Women have been fighting for equality for over a century, and yet feminism is still controversial. Women are still marginalized. Many countries, including the United States, have roots in monotheistic religions, which base their laws and ruling concepts on religious texts such as the Quran or the Bible. These texts were written at a time at which male-dominance over women was a cultural norm.

There really is no reason for this trend to still exist. We live in a world where the value placed on brawn has shifted to a value on brains. The extra muscle won’t affect your likeliness to survive anymore, nor should it affect your salary — professional athletes and lumberjacks exempted. This shift to valuing our thoughts and social abilities over physical abilities should even the playing field for women. Women are equally capable of starting companies, creating medical advancements or running a country, but the amount of opportunities to do so, as well as the basic respect women receive, is significantly less than men. Whether subconsciously or consciously, women are being treated and taught that they are less than and therefore, should be subordinate to men. This thinking lets men think they are entitled to higher-ranking jobs, sex and power.

The disrespect and objectification women face day-to-day is excessively unequal to what men experience. (Mind you, I’m not saying men do not experience disrespect or objectification, only that women experience this on a larger scale and more often.) Just last year, a man by the name of Elliot Rodger killed six people and wounded 13 others to seek revenge on women who had “starved (him) of sex.” The shooting reminded women what they had to fear for rejecting a man — a fear that most men have never experienced when rejecting a woman. Shortly following the shooting, the hashtag #YesAllWomen erupted on social media. Women all over the world were coming forward with their experiences of being hurt by male entitlement. It was a powerful movement and encouraged feminist awareness and debates as a part of social media culture.

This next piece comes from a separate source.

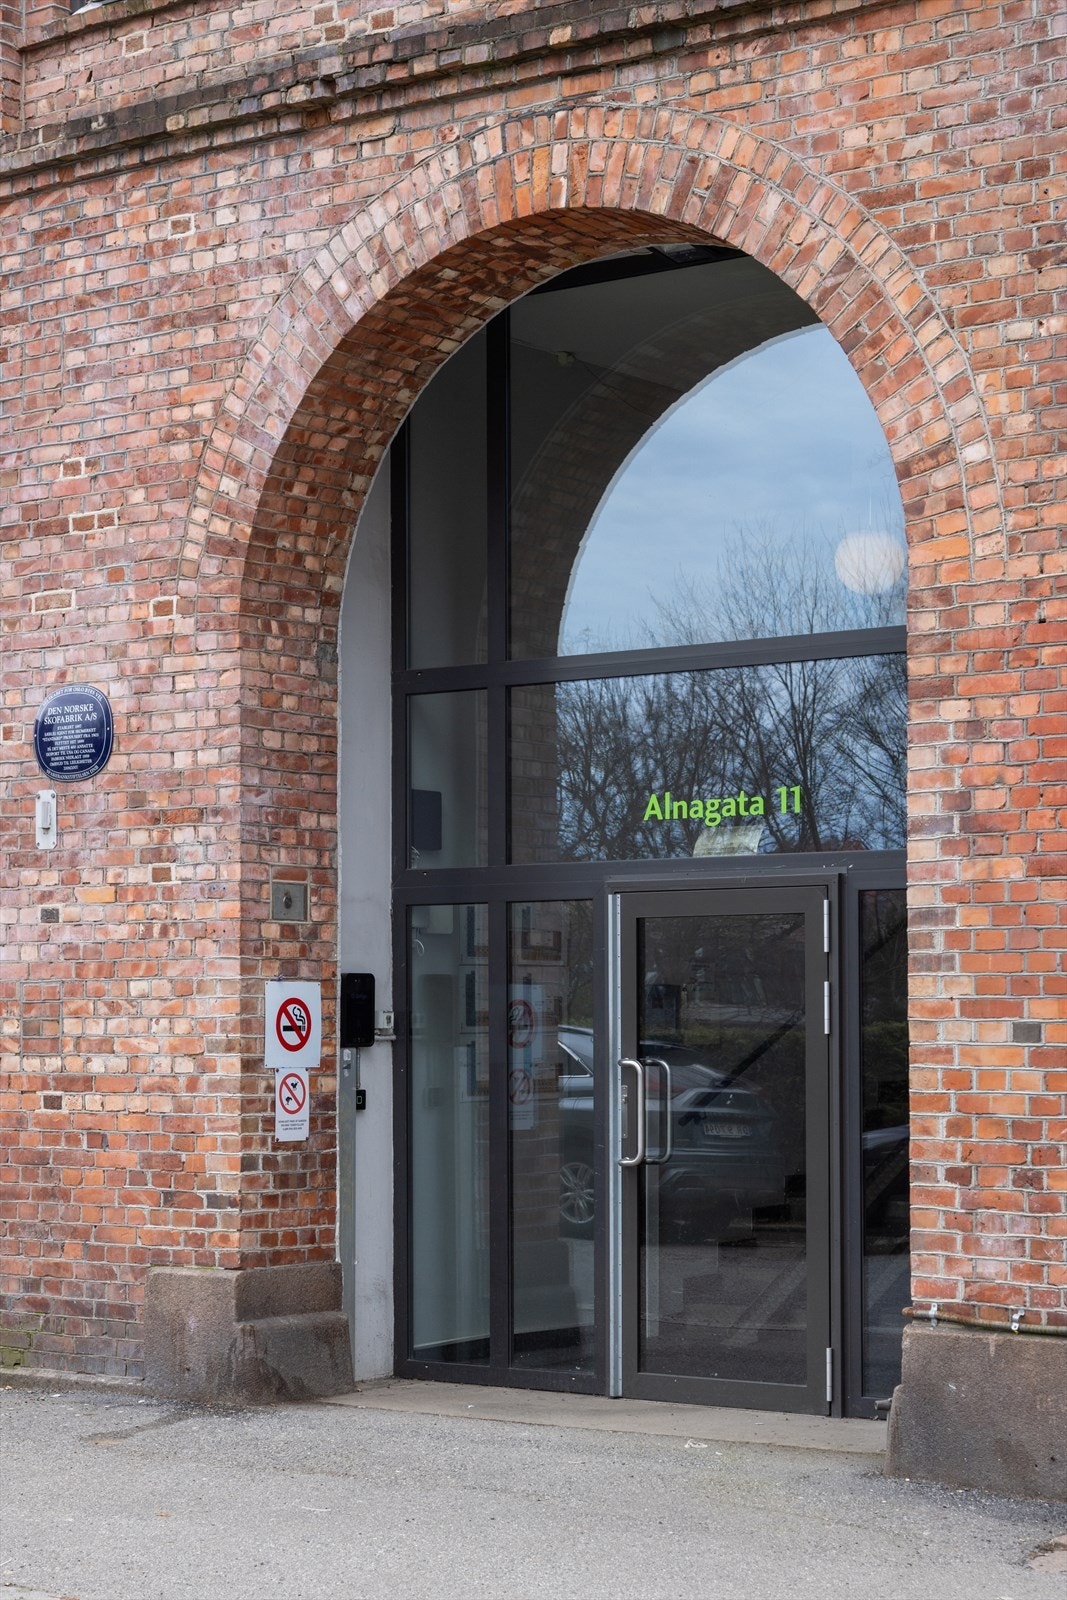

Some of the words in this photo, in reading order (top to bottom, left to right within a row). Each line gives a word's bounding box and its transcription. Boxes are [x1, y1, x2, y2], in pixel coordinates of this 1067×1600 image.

I can rant about feminism and why I think women are treated unequally, but chances are those who already agree will be the ones raising their fists with me, and those who already disagree will roll their eyes and tune me out. Instead, I would like to suggest that we begin to think of the feminist cause in a realistic manner, to allow for some gray along with the black and white.

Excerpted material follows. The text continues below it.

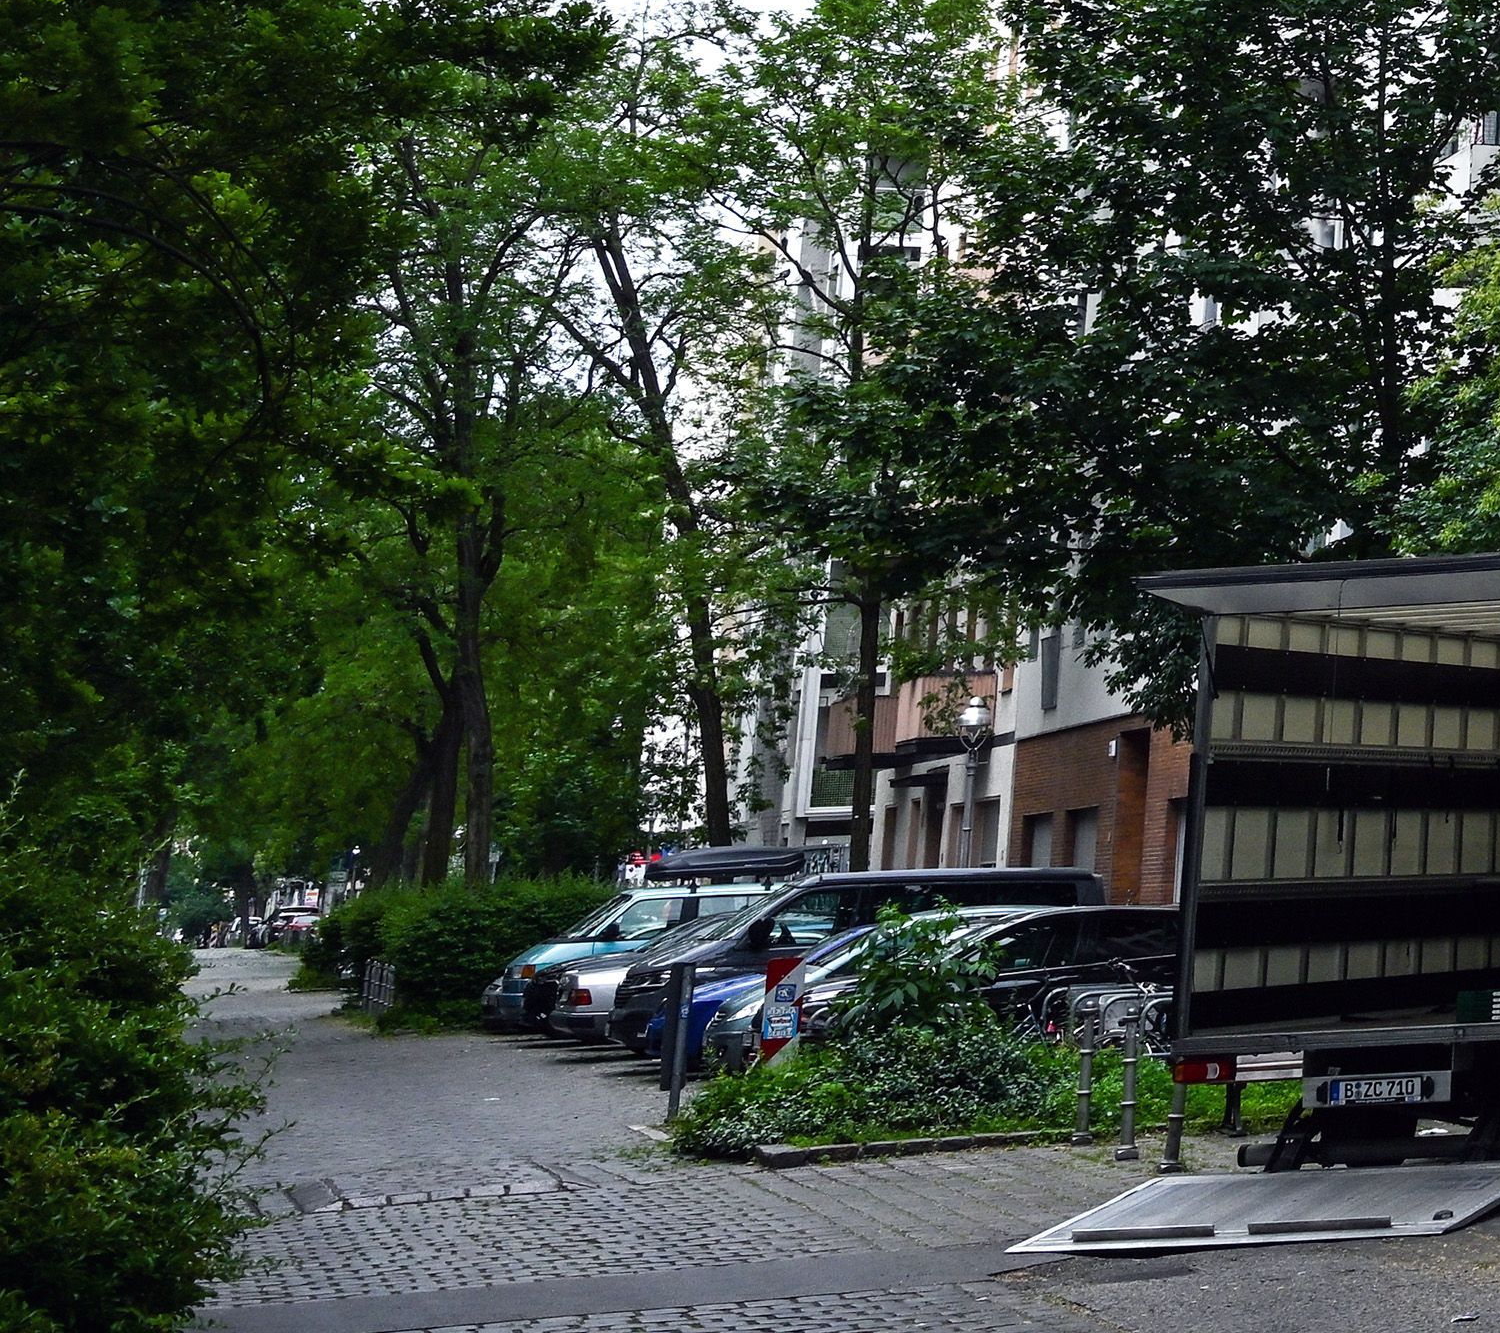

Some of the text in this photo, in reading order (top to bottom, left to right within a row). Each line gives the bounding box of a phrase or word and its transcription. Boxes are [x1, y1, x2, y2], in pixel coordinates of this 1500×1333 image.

[1344, 1079, 1415, 1099] B ZC 710

Many feminists wonder why they face so much resistance. It would be easy to chalk it all up to men not wanting to give up their power, or dismissing “feminists” as women who simply hate men. While these may be contributing factors, in my experience, the primary objection to feminism is that it tends to imply that women’s rights violations are more urgent than any other disrespect or human rights violation. Feminists can make it sound like disrespecting a woman is a larger crime than disrespecting any man or any other human, regardless of race, gender or sexual identity.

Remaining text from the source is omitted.